**Instructions for the task:** Repeat every record below exactly as written.

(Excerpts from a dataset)
┄┄┄┄┄┄┄┄┄┄┄┄┄┄┄┄┄┄┄┄

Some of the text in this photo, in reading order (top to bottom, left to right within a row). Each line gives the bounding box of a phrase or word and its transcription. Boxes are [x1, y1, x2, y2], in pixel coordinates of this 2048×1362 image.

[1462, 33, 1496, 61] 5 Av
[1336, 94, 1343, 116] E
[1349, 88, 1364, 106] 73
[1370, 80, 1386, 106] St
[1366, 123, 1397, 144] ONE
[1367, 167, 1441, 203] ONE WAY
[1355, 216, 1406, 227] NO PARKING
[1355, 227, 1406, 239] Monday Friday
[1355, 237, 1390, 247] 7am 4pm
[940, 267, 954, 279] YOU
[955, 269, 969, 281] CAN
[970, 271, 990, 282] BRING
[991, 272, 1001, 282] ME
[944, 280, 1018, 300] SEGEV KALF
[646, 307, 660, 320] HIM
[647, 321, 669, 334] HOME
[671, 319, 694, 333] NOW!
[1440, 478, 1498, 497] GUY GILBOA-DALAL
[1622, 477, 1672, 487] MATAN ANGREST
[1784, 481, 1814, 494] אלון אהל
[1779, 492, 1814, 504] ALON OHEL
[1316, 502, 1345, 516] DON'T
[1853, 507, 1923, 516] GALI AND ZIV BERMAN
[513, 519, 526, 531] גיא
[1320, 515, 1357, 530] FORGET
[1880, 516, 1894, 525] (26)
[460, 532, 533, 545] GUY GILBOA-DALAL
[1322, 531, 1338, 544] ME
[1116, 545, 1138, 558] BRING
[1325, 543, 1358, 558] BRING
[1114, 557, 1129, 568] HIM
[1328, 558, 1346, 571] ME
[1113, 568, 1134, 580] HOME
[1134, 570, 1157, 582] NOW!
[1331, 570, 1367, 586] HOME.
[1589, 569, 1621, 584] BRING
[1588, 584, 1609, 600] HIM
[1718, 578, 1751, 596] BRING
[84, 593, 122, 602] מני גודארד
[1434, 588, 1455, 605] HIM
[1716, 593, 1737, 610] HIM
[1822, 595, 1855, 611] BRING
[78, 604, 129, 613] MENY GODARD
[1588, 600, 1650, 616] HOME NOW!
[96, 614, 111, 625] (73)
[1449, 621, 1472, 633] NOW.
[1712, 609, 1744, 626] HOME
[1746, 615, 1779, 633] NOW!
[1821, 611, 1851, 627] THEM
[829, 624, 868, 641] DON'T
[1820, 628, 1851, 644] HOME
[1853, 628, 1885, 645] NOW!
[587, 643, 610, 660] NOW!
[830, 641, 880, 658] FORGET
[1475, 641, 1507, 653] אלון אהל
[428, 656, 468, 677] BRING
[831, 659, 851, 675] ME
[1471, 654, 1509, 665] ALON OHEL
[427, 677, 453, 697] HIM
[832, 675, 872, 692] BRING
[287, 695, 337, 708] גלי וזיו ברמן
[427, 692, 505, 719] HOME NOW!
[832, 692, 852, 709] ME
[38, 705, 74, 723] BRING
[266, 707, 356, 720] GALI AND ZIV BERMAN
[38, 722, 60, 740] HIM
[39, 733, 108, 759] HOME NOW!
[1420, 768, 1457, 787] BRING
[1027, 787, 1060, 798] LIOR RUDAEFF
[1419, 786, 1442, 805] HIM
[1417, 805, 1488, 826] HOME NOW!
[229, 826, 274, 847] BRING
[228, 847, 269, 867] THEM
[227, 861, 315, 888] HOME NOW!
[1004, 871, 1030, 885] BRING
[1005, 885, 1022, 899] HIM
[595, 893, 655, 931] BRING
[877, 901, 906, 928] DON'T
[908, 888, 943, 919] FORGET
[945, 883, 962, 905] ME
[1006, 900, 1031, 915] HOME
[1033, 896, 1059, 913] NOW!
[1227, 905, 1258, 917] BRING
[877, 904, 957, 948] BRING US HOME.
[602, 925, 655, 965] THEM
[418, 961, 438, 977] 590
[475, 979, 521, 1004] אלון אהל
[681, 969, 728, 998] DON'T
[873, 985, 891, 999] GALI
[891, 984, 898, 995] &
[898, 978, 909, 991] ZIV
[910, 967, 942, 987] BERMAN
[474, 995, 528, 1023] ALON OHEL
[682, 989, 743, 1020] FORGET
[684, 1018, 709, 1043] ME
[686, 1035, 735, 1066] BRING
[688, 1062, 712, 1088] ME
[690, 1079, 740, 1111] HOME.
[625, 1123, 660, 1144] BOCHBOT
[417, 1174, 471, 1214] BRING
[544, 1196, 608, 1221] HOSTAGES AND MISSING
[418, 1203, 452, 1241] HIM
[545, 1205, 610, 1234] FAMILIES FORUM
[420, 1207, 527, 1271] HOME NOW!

┄┄┄┄┄┄┄┄┄┄┄┄┄┄┄┄┄┄┄┄

**Output below:**
Some of the text in this photo, in reading order (top to bottom, left to right within a row). Each line gives the bounding box of a phrase or word and its transcription. Boxes are [x1, y1, x2, y2], in pixel coordinates of this 2048×1362 image.

[1462, 33, 1496, 61] 5 Av
[1336, 94, 1343, 116] E
[1349, 88, 1364, 106] 73
[1370, 80, 1386, 106] St
[1366, 123, 1397, 144] ONE
[1367, 167, 1441, 203] ONE WAY
[1355, 216, 1406, 227] NO PARKING
[1355, 227, 1406, 239] Monday Friday
[1355, 237, 1390, 247] 7am 4pm
[940, 267, 954, 279] YOU
[955, 269, 969, 281] CAN
[970, 271, 990, 282] BRING
[991, 272, 1001, 282] ME
[944, 280, 1018, 300] SEGEV KALF
[646, 307, 660, 320] HIM
[647, 321, 669, 334] HOME
[671, 319, 694, 333] NOW!
[1440, 478, 1498, 497] GUY GILBOA-DALAL
[1622, 477, 1672, 487] MATAN ANGREST
[1784, 481, 1814, 494] אלון אהל
[1779, 492, 1814, 504] ALON OHEL
[1316, 502, 1345, 516] DON'T
[1853, 507, 1923, 516] GALI AND ZIV BERMAN
[513, 519, 526, 531] גיא
[1320, 515, 1357, 530] FORGET
[1880, 516, 1894, 525] (26)
[460, 532, 533, 545] GUY GILBOA-DALAL
[1322, 531, 1338, 544] ME
[1116, 545, 1138, 558] BRING
[1325, 543, 1358, 558] BRING
[1114, 557, 1129, 568] HIM
[1328, 558, 1346, 571] ME
[1113, 568, 1134, 580] HOME
[1134, 570, 1157, 582] NOW!
[1331, 570, 1367, 586] HOME.
[1589, 569, 1621, 584] BRING
[1588, 584, 1609, 600] HIM
[1718, 578, 1751, 596] BRING
[84, 593, 122, 602] מני גודארד
[1434, 588, 1455, 605] HIM
[1716, 593, 1737, 610] HIM
[1822, 595, 1855, 611] BRING
[78, 604, 129, 613] MENY GODARD
[1588, 600, 1650, 616] HOME NOW!
[96, 614, 111, 625] (73)
[1449, 621, 1472, 633] NOW.
[1712, 609, 1744, 626] HOME
[1746, 615, 1779, 633] NOW!
[1821, 611, 1851, 627] THEM
[829, 624, 868, 641] DON'T
[1820, 628, 1851, 644] HOME
[1853, 628, 1885, 645] NOW!
[587, 643, 610, 660] NOW!
[830, 641, 880, 658] FORGET
[1475, 641, 1507, 653] אלון אהל
[428, 656, 468, 677] BRING
[831, 659, 851, 675] ME
[1471, 654, 1509, 665] ALON OHEL
[427, 677, 453, 697] HIM
[832, 675, 872, 692] BRING
[287, 695, 337, 708] גלי וזיו ברמן
[427, 692, 505, 719] HOME NOW!
[832, 692, 852, 709] ME
[38, 705, 74, 723] BRING
[266, 707, 356, 720] GALI AND ZIV BERMAN
[38, 722, 60, 740] HIM
[39, 733, 108, 759] HOME NOW!
[1420, 768, 1457, 787] BRING
[1027, 787, 1060, 798] LIOR RUDAEFF
[1419, 786, 1442, 805] HIM
[1417, 805, 1488, 826] HOME NOW!
[229, 826, 274, 847] BRING
[228, 847, 269, 867] THEM
[227, 861, 315, 888] HOME NOW!
[1004, 871, 1030, 885] BRING
[1005, 885, 1022, 899] HIM
[595, 893, 655, 931] BRING
[877, 901, 906, 928] DON'T
[908, 888, 943, 919] FORGET
[945, 883, 962, 905] ME
[1006, 900, 1031, 915] HOME
[1033, 896, 1059, 913] NOW!
[1227, 905, 1258, 917] BRING
[877, 904, 957, 948] BRING US HOME.
[602, 925, 655, 965] THEM
[418, 961, 438, 977] 590
[475, 979, 521, 1004] אלון אהל
[681, 969, 728, 998] DON'T
[873, 985, 891, 999] GALI
[891, 984, 898, 995] &
[898, 978, 909, 991] ZIV
[910, 967, 942, 987] BERMAN
[474, 995, 528, 1023] ALON OHEL
[682, 989, 743, 1020] FORGET
[684, 1018, 709, 1043] ME
[686, 1035, 735, 1066] BRING
[688, 1062, 712, 1088] ME
[690, 1079, 740, 1111] HOME.
[625, 1123, 660, 1144] BOCHBOT
[417, 1174, 471, 1214] BRING
[544, 1196, 608, 1221] HOSTAGES AND MISSING
[418, 1203, 452, 1241] HIM
[545, 1205, 610, 1234] FAMILIES FORUM
[420, 1207, 527, 1271] HOME NOW!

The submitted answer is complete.